Forty-four state Medicaid programs have some form of reimbursement for live video, but legislation in some states places restrictions on what can be reimbursed, who can be reimbursed and when they might receive reimbursement, according to a report on state telehealth laws and reimbursement policies from the Center for Connected Health Policy.
Medi-Cal, California’s Medicaid program, reimburses for live video and for some teledermatology and teleophthalmology services, CCHP reported in its review of state telehealth laws.
Gary Capistrant, senior director of public policy for the American Telemedicine Association, said that although most states have some kind of reimbursement legislation, some laws limit coverage for physician services offered by video to only rural areas and few include telehealth in the home setting, which he said would be convenient for those who are home-bound.
Nine state medical boards issue special licenses that would allow out-of-state providers to deliver telehealth services in a state where they are not located, according to the report. California is not among them.
National legislation is brewing.
HR 3077, the TELE-MED Act of 2013 introduced by Rep. Devin Nunes (R-Calif.) addresses the telehealth licensing issue. The bill would permit certain Medicare providers licensed in a state to provide telehealth services to Medicare beneficiaries in a different state.
Based on California’s law, U.S. Reps. Bill Johnson (R-Ohio) and Doris Matsui (D-Calif.) introduced the Telehealth Modernization Act — HR 3750 — last December to provide guidance to states when developing their policies to govern telehealth.
Reactions by Consumers and Providers
Marchuk said providers in the program see participation as an opportunity to extend their service reach. They also consider telehealth as a means of providing better diagnoses.
As a neurosurgeon specializing in spinal conditions at Glendale Adventist Medical Center, Srinath Samudrala sees telehealth as a logical and efficient means of tackling the problems of patients who need his services.
Instead of examining every patient in his office, he can determine through a referral telehealth examination from a generalist which patients have complex problems and might require surgery, saving time for both him and his patients.
Samudrala said he anticipates patients will be receptive to the new system that should make the medical world seem more accessible.
Samudrala has not yet dealt with patients via the telehealth program, but expects to schedule three or four appointments one day a week and eventually increase that to 10.

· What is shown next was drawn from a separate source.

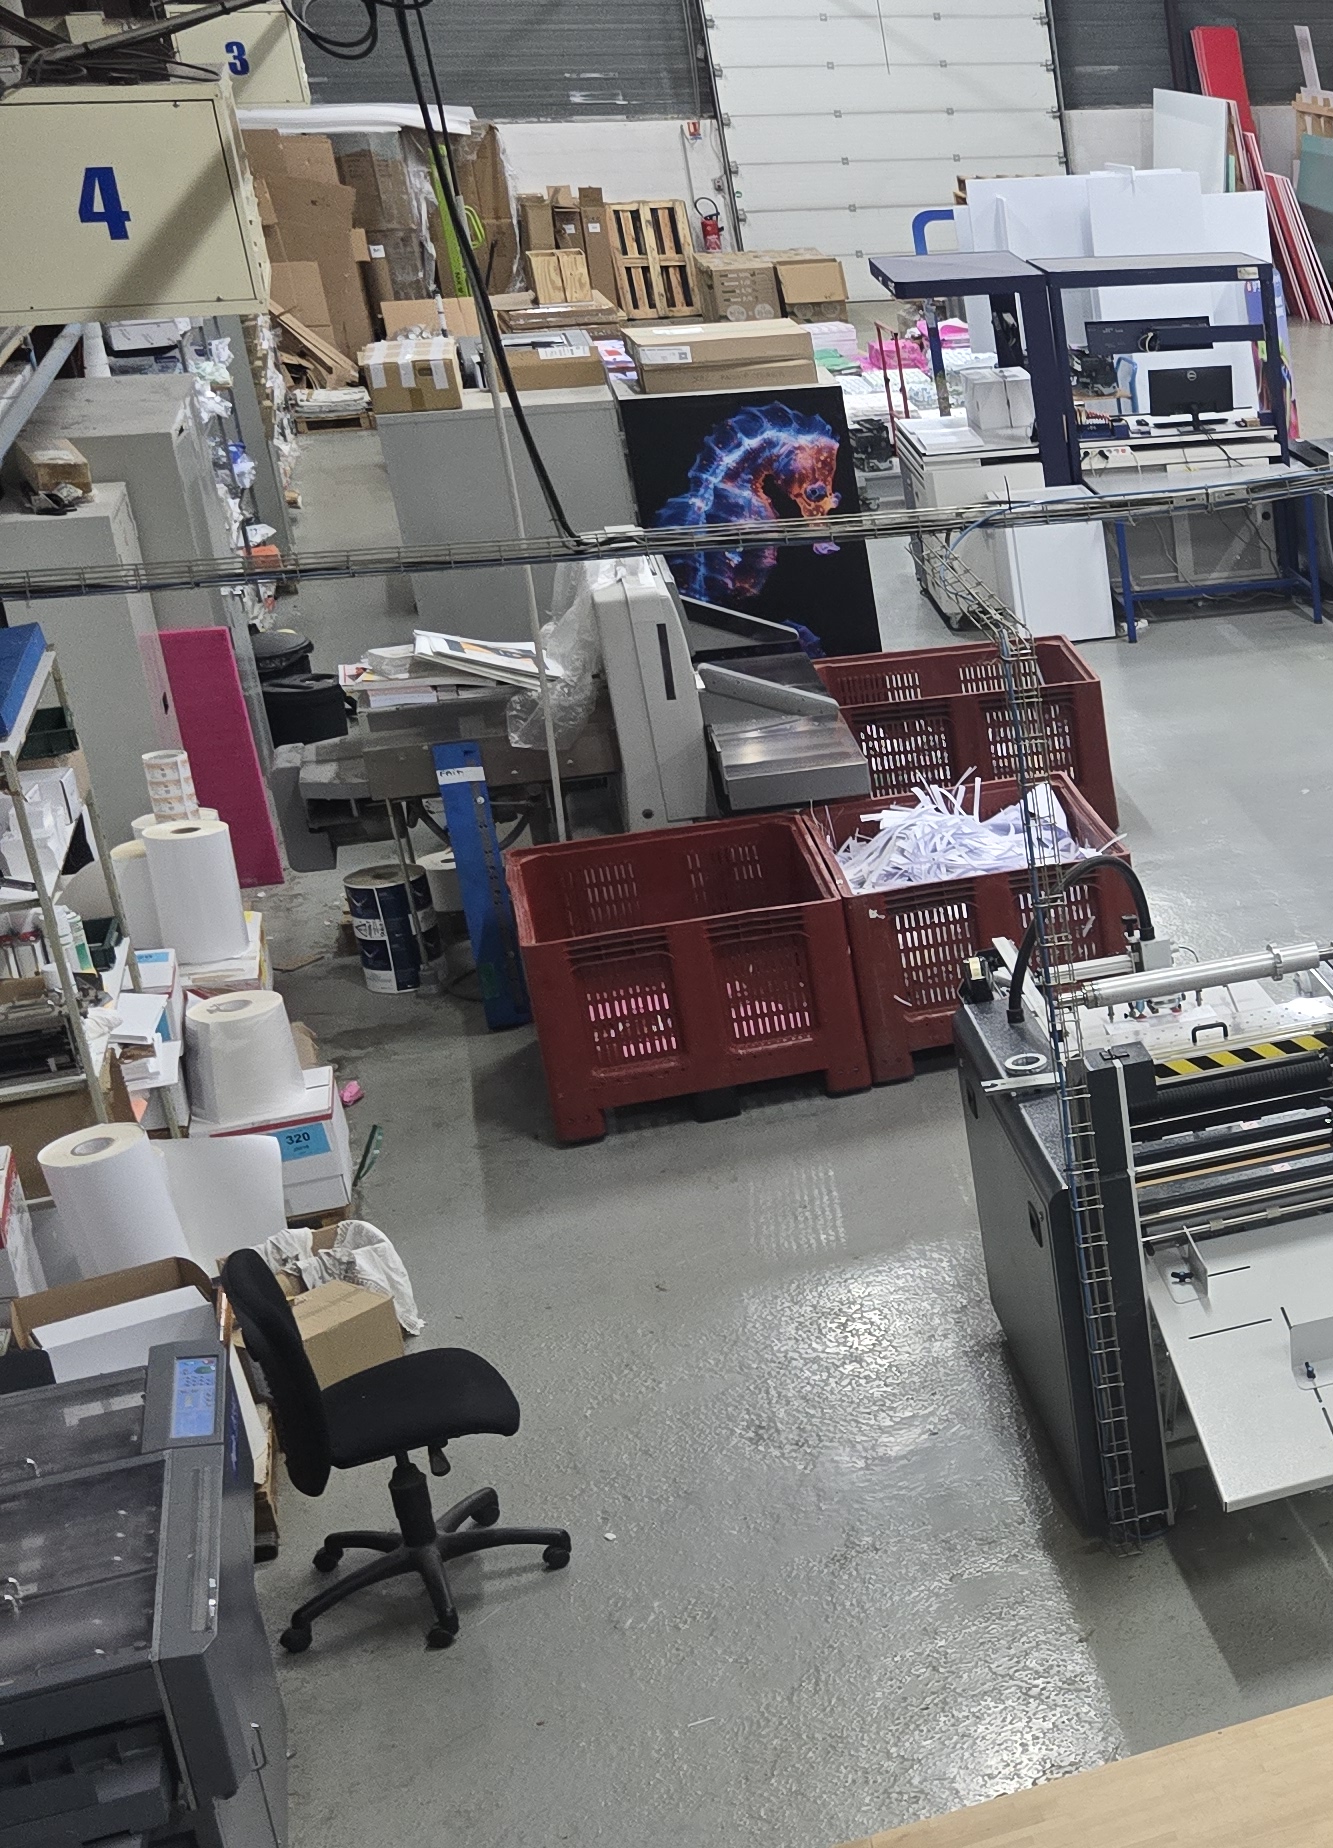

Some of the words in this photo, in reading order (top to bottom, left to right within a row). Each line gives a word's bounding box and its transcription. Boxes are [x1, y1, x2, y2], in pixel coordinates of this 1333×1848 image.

Davila said he is optimistic that convenience will override any patient doubts about telehealth. “Once they understand what a real benefit it is, patients will appreciate having access to specialists nearby. However, education is necessary,” Davila added.
Blue Shield conducted focus groups last year among members who would have access to the new program and found positive reactions to the concept of a guided, in-person visit with a specialist while a care coordinator was present. Participants liked the idea of seeing a specialist close to home and then being able to consult with that practitioner post-surgery via telehealth.
“Now we need to get patients to come,” Davila said.